Stiftung Tierärztliche Hochschule Hannover (TiHo)

Adaptive and nonadaptive plasticity in changing environments : implications for sexual species with different life history strategies

Abstract

Populations adapt to novel environmental conditions by genetic changes or phenotypic plasticity. Plastic responses are generally faster and can buffer fitness losses under variable conditions. Plasticity is typically modeled as random noise and linear reaction norms that assume simple one-to-one genotype–phenotype maps and no limits to the phenotypic response. Most studies on plasticity have focused on its effect on population viability. However, it is not clear, whether the advantage of plasticity depends solely on environmental fluctuations or also on the genetic and demographic properties (life histories) of populations.
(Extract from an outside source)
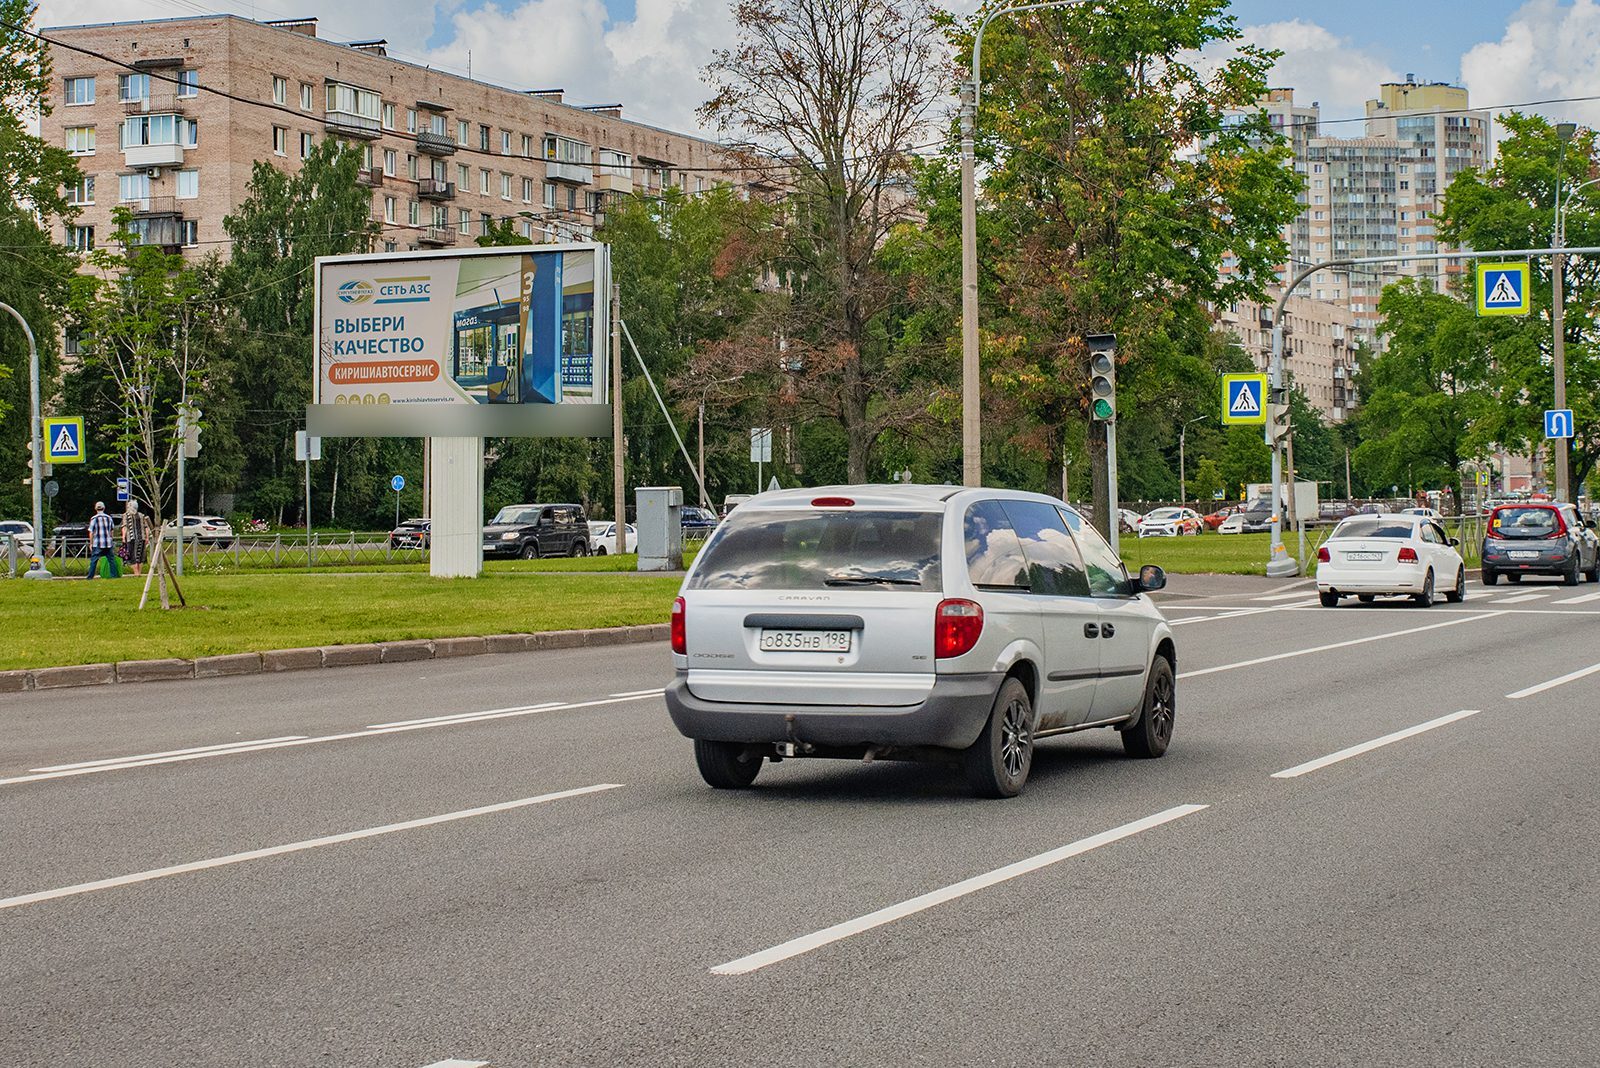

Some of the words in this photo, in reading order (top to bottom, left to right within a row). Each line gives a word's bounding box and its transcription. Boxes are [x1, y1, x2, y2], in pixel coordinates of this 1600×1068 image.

Here we present an individual-based model and study the relative importance of adaptive and nonadaptive plasticity for populations of sexual species with different life histories experiencing directional stochastic climate change. Environmental fluctuations were simulated using differentially autocorrelated climatic stochasticity or noise color, and scenarios of directional climate change. Nonadaptive plasticity was simulated as a random environmental effect on trait development, while adaptive plasticity as a linear, saturating, or sinusoidal reaction norm. The last two imposed limits to the plastic response and emphasized flexible interactions of the genotype with the environment. Interestingly, this assumption led to (a) smaller phenotypic than genotypic variance in the population (many-to-one genotype–phenotype map) and the coexistence of polymorphisms, and (b) the maintenance of higher genetic variation—compared to linear reaction norms and genetic determinism—even when the population was exposed to a constant environment for several generations. Limits to plasticity led to genetic accommodation, when costs were negligible, and to the appearance of cryptic variation when limits were exceeded. We found that adaptive plasticity promoted population persistence under red environmental noise and was particularly important for life histories with low fecundity. Populations producing more offspring could cope with environmental fluctuations solely by genetic changes or random plasticity, unless environmental change was too fast.